My experience within a Young Adult Cancer Program unexpectedly opened the door to patient advocacy, profoundly reshaping my life’s direction. This initial involvement propelled me into a pivotal role on a Young Adult Advisory Board within my community. Alongside this, my dedication led me to advocate for access initiatives by testifying at my state Capitol. Additionally, I’ve participated in the Éxito! Latino Cancer Research Leadership Training, an initiative launched in 2010 by the Institute for Health Promotion Research at UT Health San Antonio. Beyond these commitments, I also serve as co-chair of a workgroup for the CDC’s Advisory Committee on Breast Cancer in Young Women (ACBCYW). This multifaceted engagement underscores my unwavering commitment to advocating for better care, support, and awareness for young adults navigating cancer.
Currently, I’m a doctoral candidate at Baylor University, with my research focus centered on the quality of care for the Adolescent and Young Adult (AYA) population. Through personal experience, I’ve witnessed the distinct care needs of AYAs and the crucial significance of prioritizing their care quality.

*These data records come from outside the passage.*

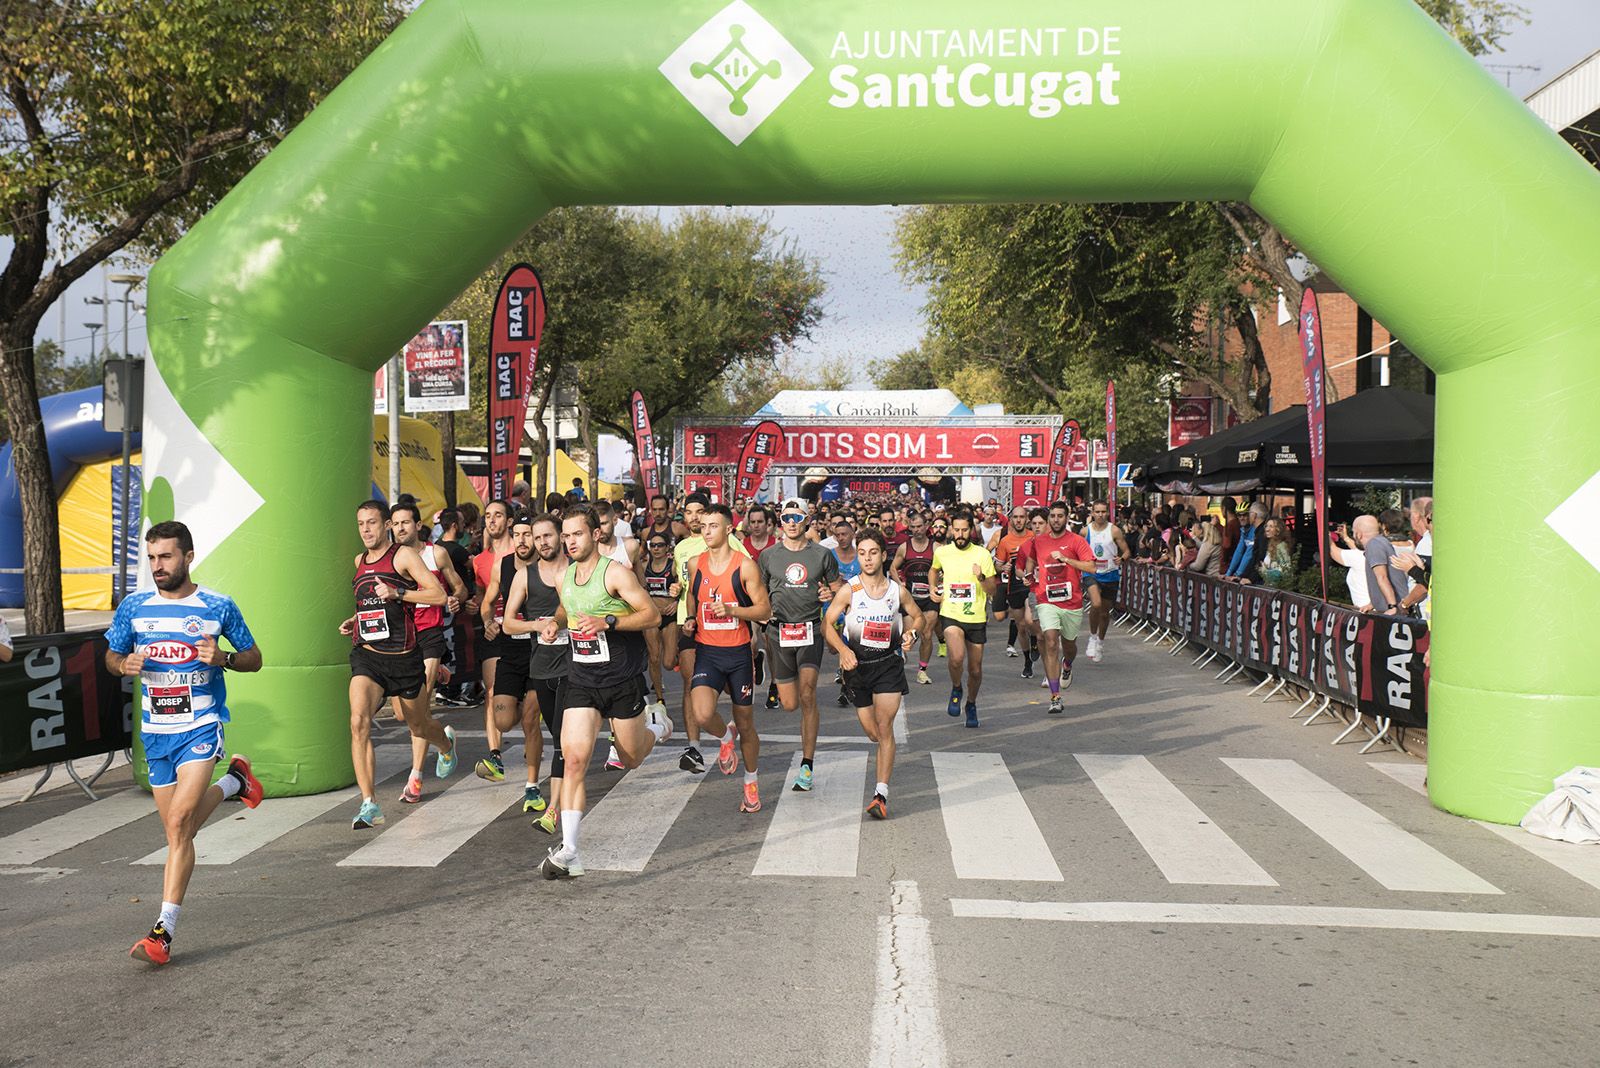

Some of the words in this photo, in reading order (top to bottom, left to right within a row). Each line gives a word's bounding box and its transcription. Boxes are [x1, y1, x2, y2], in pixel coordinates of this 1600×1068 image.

[829, 27, 1067, 59] AJUNTAMENT
[1076, 26, 1122, 55] DE
[827, 62, 1121, 118] SantCugat
[508, 290, 523, 338] RAC
[498, 355, 511, 399] RAC
[836, 402, 919, 416] CaixaBank
[694, 434, 706, 456] RAC
[756, 434, 768, 454] RAC
[784, 432, 853, 458] TOTS
[863, 432, 926, 459] SOM
[936, 433, 953, 458] 1
[1020, 434, 1032, 457] RAC
[1024, 481, 1033, 495] RAC
[1250, 596, 1260, 660] RAC
[1289, 603, 1299, 675] RAC
[149, 645, 188, 659] DANI
[1324, 612, 1339, 689] RAC
[1345, 615, 1358, 697] RAC
[1387, 622, 1414, 710] RAC
[24, 646, 66, 751] RAC
[66, 640, 101, 741] 1
[156, 697, 183, 707] JOSEP
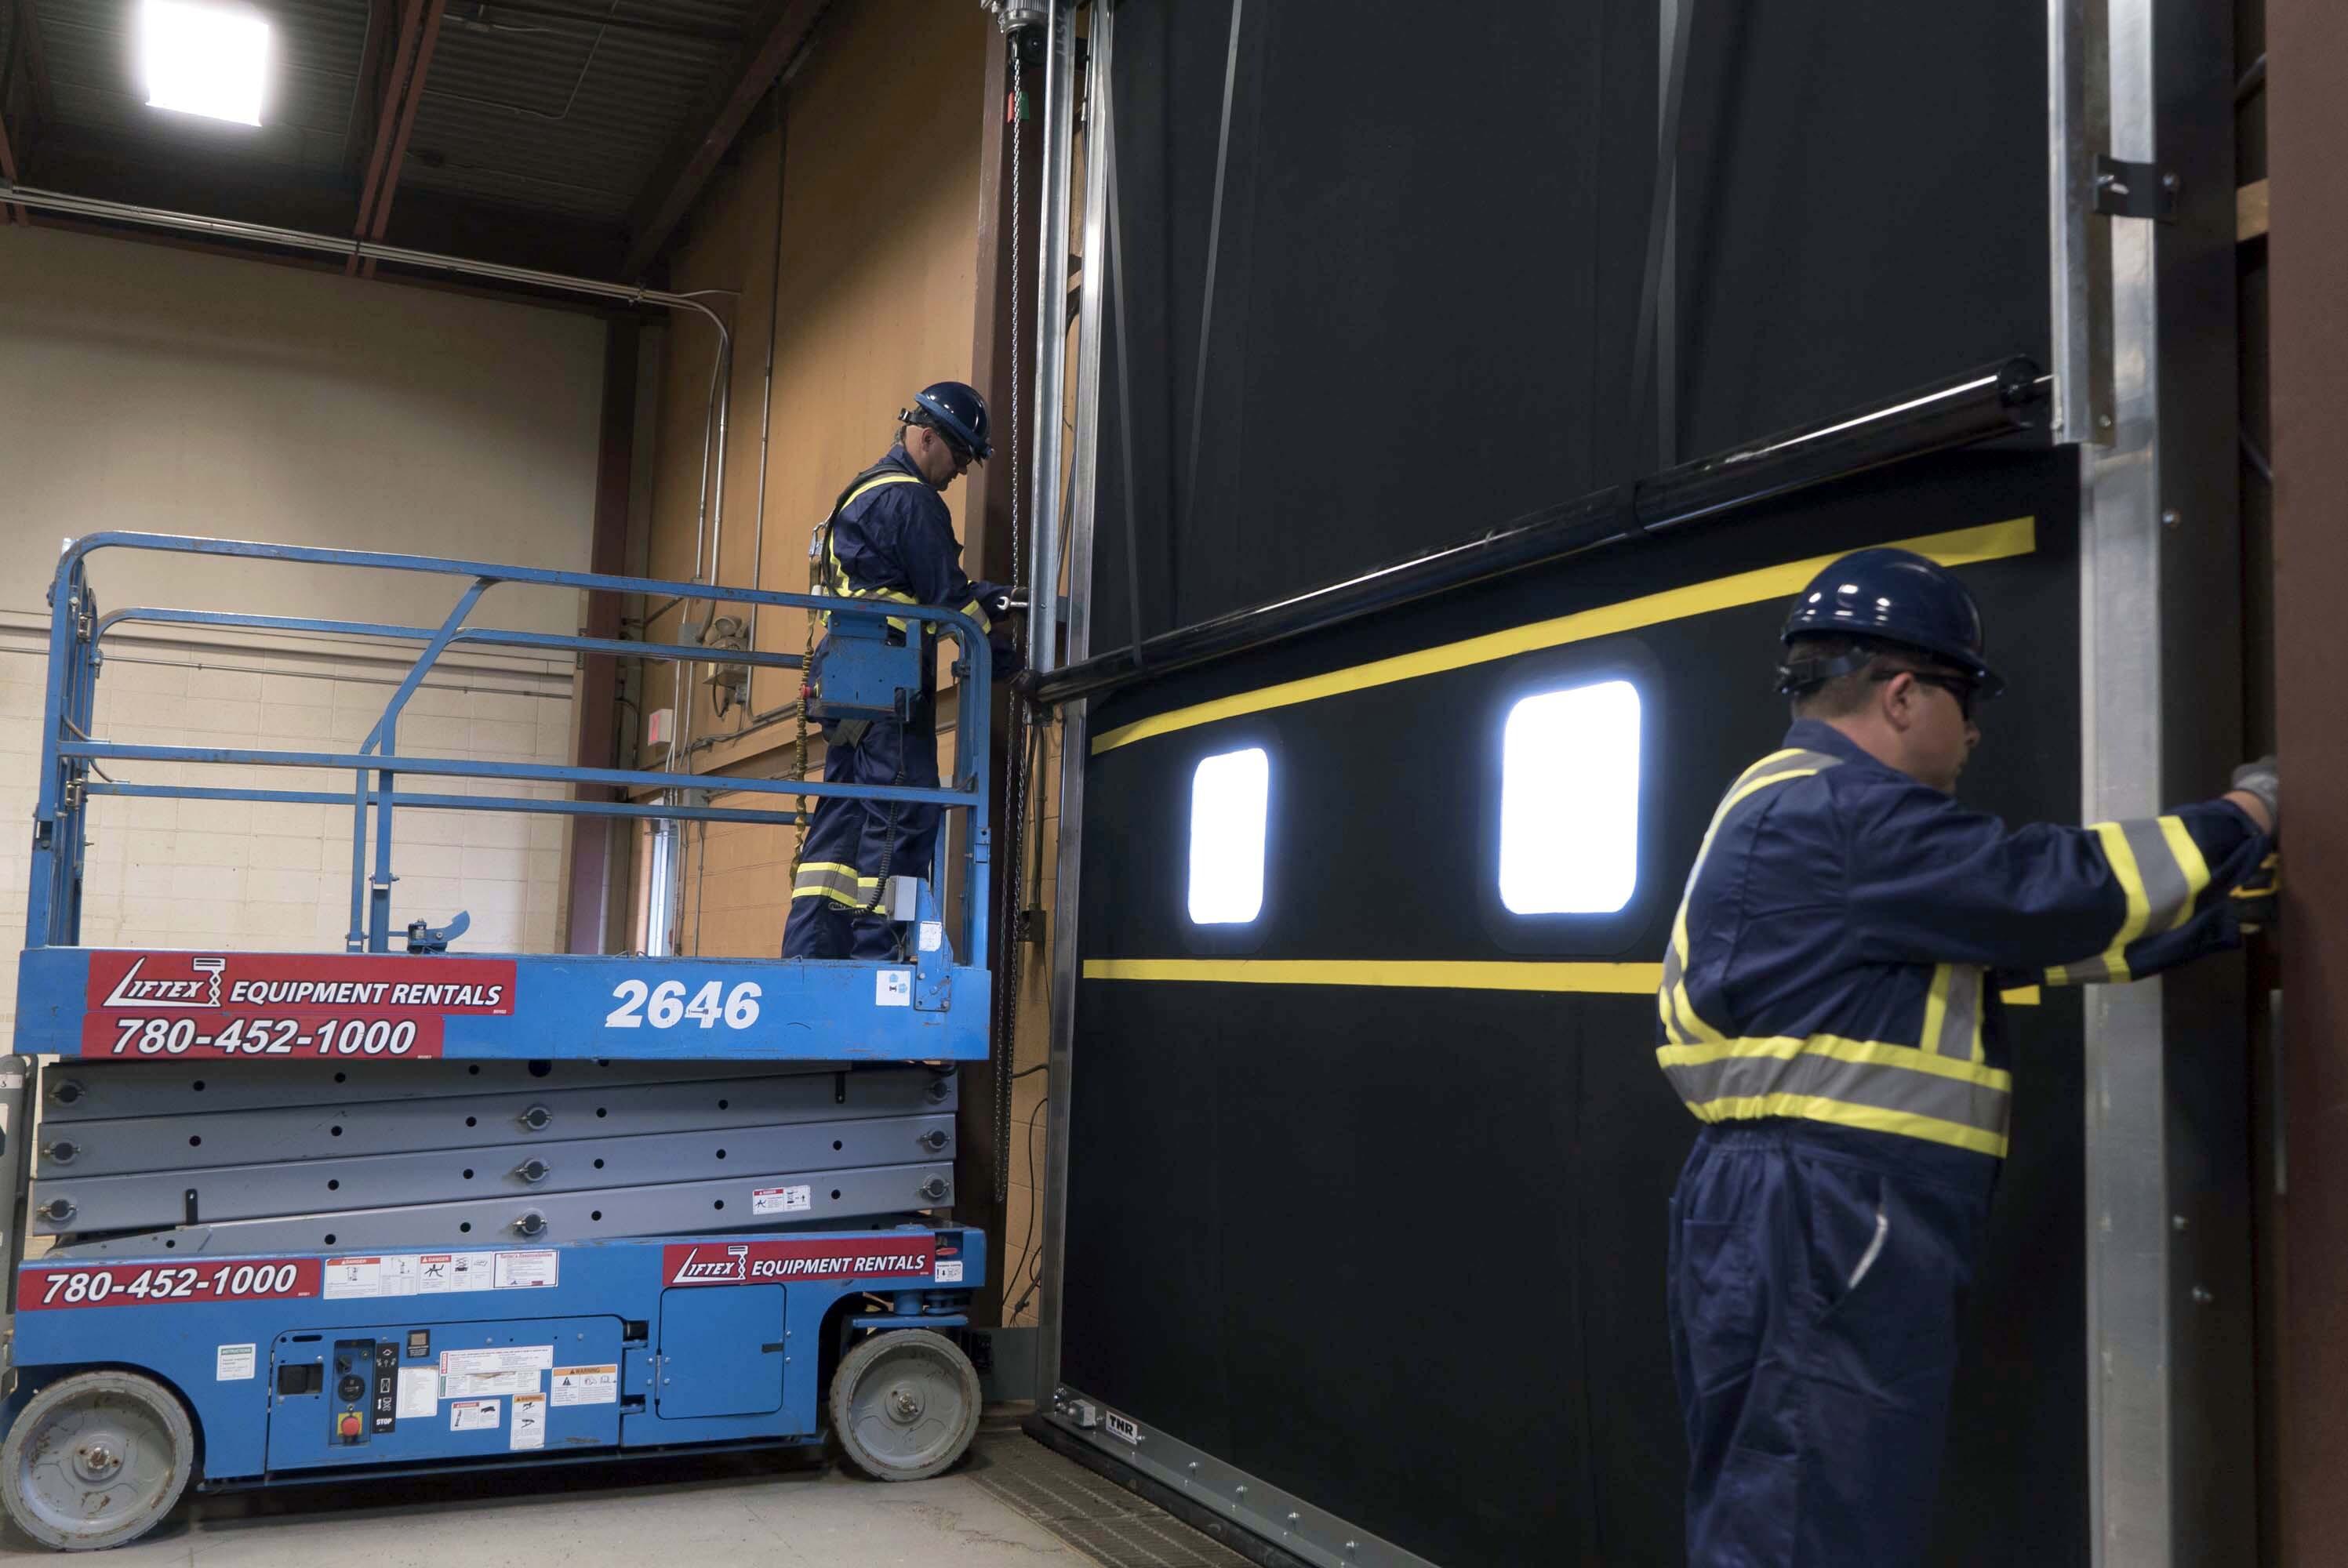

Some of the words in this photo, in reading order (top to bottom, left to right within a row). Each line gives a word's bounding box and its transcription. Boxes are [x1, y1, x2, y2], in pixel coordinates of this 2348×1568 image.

The array of needs and complexities AYAs face underscores the necessity for specialized attention. During this vulnerable phase, the care they receive profoundly shapes their lives.
I carry this responsibility with unwavering commitment. The privilege of driving advocacy and research to reshape the journey of those facing cancer is not one I take lightly. It’s a chance to pay it forward, to channel my experiences into meaningful change. As I stand before the future, my sights set on my dissertation research focusing on AYAs’ care quality, I know that while the diagnosis shook my world, it also paved the way for me to shape the worlds of others in ways I couldn’t have imagined.